5.3 Limits on the Extension
Currently the Storage Point extension is very primitive. Whenever a location is added using a
location number that is already in use, it assumes that the query wants to append the data in the
new table being added into the existing table. While this behaviour is useful for most
applications, if the type of the table (for example, clustering vs non-clustering) is different or
if the number of columns is different, it may produce unexpected results. The current
implementation is also unable to determine whether any storage location is disused and could
safely be reclaimed. This may lead to a type of “memory leak”.
The location number generator is also prone to overflowing as it has a finite length of an int
(32-bit).
The language extension, while operating correctly, produces a fair amount of useless tokens
(for example, the token for collecting children’s results when all data are buffered within the
nodes), taking up both transmission time and execution time.
24
5.4 Evaluation of the Extension
While some limits exist on the extension of the SSDQP, the extension can serve quite well as a
test bed system for the wireless sensor network research in the School of Information
Technologies. In addition to the planned features, this project also delivered a framework in
which future extensions and modifications can easily take place. The construction of the
Storage Point, and the concept of extending the basic Table to provide advanced
functionalities instead of forming a new operator for advanced features allows new data
aggregation and manipulation algorithms to be added to the SSDQP easily. However, the
current extensions may not be too useful in longer-running tests at this stage, mainly due to the
“memory leak” problem.
25
6 Individual Reflections Overall, the project provided an enjoyable yet valuable learning experience. In this project, the
author had been introduced to the researches into the active field of wireless sensor network. In
addition, the author was able to apply his knowledge gained in his undergraduate studies to
contribute into the ongoing research project. The project was completed without major
problems, but a number of issues did come up, mainly at the start and towards the end of the
project.
The author had found that the design of SSDQP is relatively extensible. The documentation
provided for the system adequately explains the process required to extend the system.
However, the documentation did not concisely describe the full implementation of a new
feature (from extending the query language, creating new network Tokens, to creating new
Tasks/TaskSets).
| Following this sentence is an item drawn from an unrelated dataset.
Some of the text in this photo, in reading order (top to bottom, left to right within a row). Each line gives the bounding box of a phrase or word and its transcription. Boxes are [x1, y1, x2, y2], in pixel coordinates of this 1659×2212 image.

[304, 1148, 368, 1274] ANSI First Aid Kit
These extensions have been documented, but they are scattered throughout
the document. In addition, there is a very steep learning curve for the developer to extend the
system. The developer must understand the full 2-stage execution process, from parsing the
query language to the final recursive descent execution of the Tasks by the scheduler.
While the author needed to interact with the Squawk Java SDK regularly, the author only
needed to call 4 commands through Ant (ant deploy, ant run, ant host-compile, ant host-run).
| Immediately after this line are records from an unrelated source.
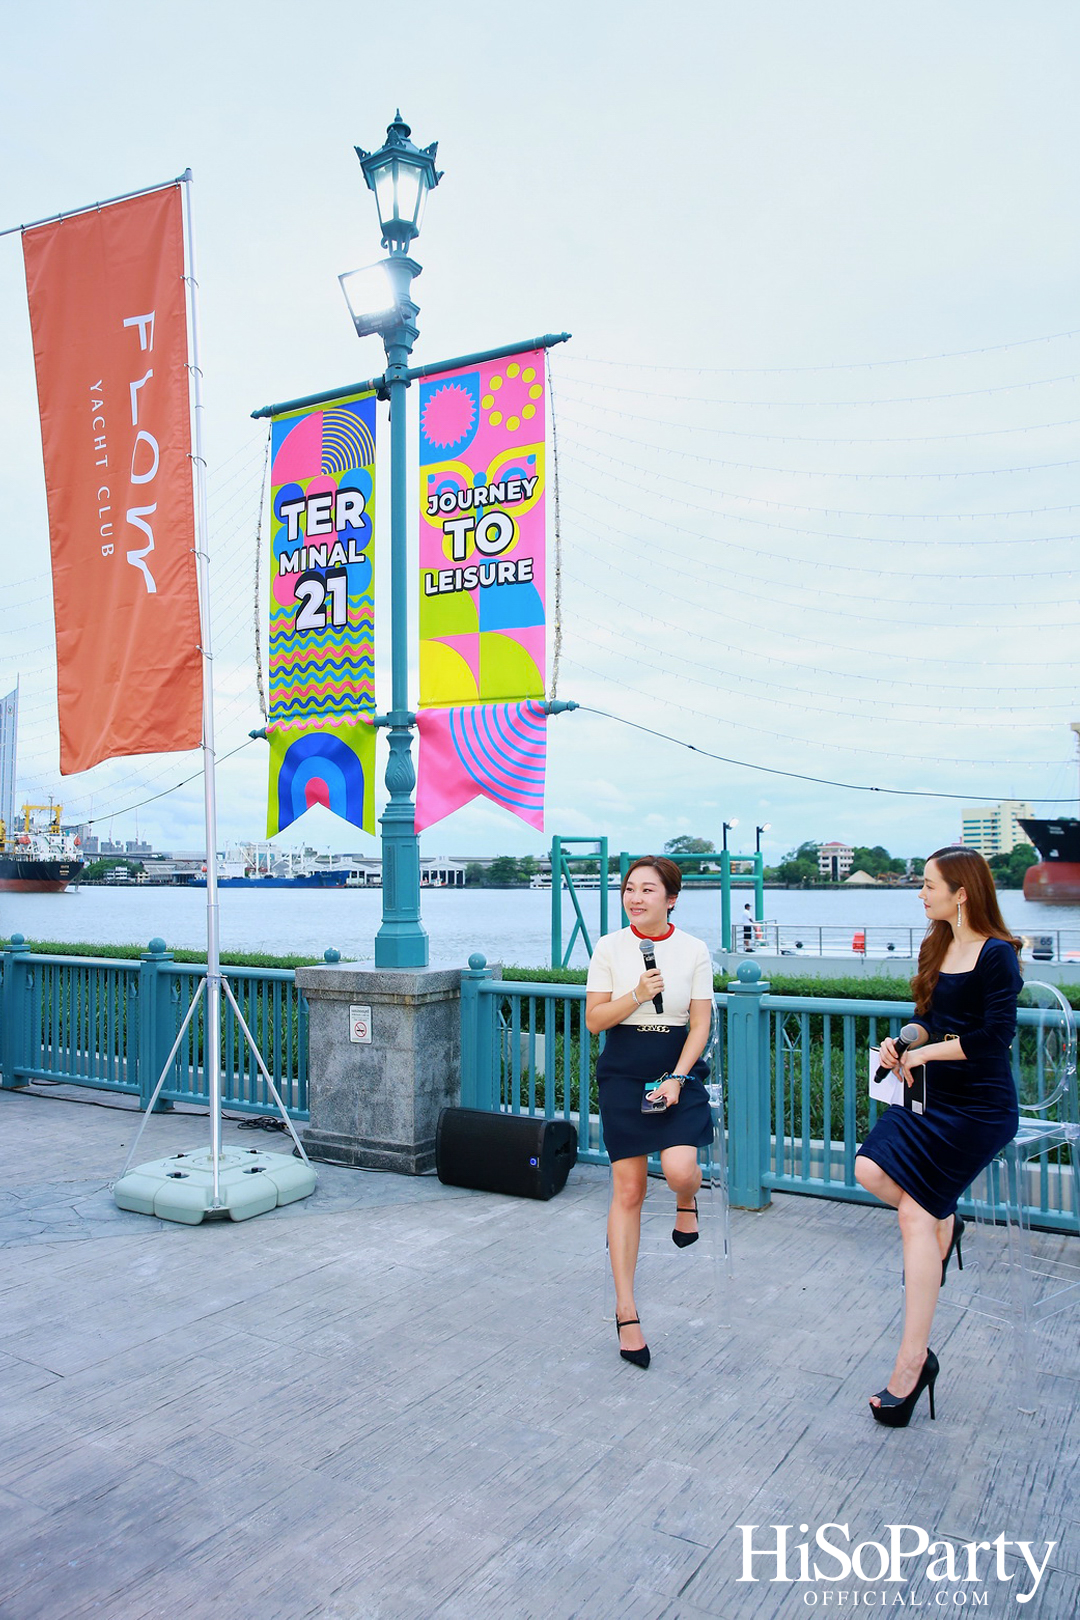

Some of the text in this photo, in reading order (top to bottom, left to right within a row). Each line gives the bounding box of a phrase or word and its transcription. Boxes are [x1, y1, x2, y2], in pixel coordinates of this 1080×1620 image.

[90, 380, 114, 557] YACHT CLUB
[123, 310, 159, 593] FLOW
[279, 487, 366, 542] TER
[427, 476, 539, 516] JOURNEY
[279, 538, 366, 576] MINAL
[443, 511, 515, 561] TO
[294, 567, 348, 632] 21
[425, 557, 534, 597] LEISURE
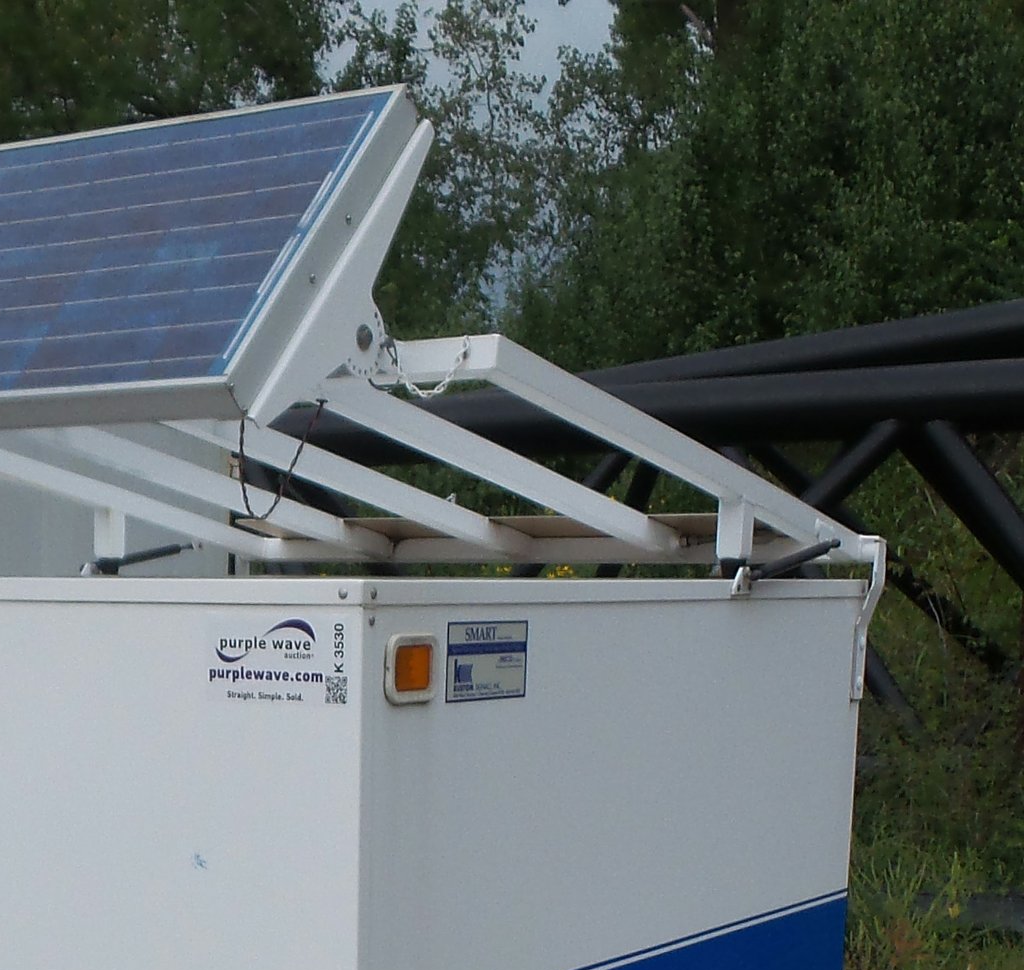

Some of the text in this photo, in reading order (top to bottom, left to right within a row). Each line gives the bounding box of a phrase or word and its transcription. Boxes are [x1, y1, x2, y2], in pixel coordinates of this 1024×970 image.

The author’s exposure to ant scripts greatly reduced the interactions needed as the author can
modify the standard script to minimise the action required. The author had also found that due
to the design of SSDQP, he did not need to deal with any of the Squawk API. However,
debugging software running on the nodes is found to be quite difficult, with the exception
messages only identify the class in which the exception was thrown, but not the actual method.
In terms of problems encountered, at the start of the project, miscommunication between the
author and the project supervisor delayed the actual start of the project. Initially, the author’s
understanding of the project was to extend the current SSDQP system by developing and
implementing a network-layer routing algorithm based on resource-aware clustering. Research
into that area was conducted with at least 5 paper referenced to ascertain the various
techniques used in WSN routing.
The exact nature of the task was not defined at the start of the project as the supervisor is
waiting for the code and documentation of the clustering algorithm to be submitted by the
author who was previously working on the prototype. This delayed that definition of the
project objectives.
In attempt to put the project back on schedule, specific objectives for the project were
discussed n the meeting prior to the report 1. In was then made clear that the intention of the
project was actually to extend SSDQP by implementing a resource-aware data clustering
algorithm for the efficient storage and transmission of collected data (not the formation of
network topologies). This misunderstanding required the first report to be rewritten (the
project plan needs to be overhauled), and more background research were needed as the
previous research is not too relevant to the task. However, this also gave the author the
opportunity to explore a different aspect of WSN which would otherwise not be investigated.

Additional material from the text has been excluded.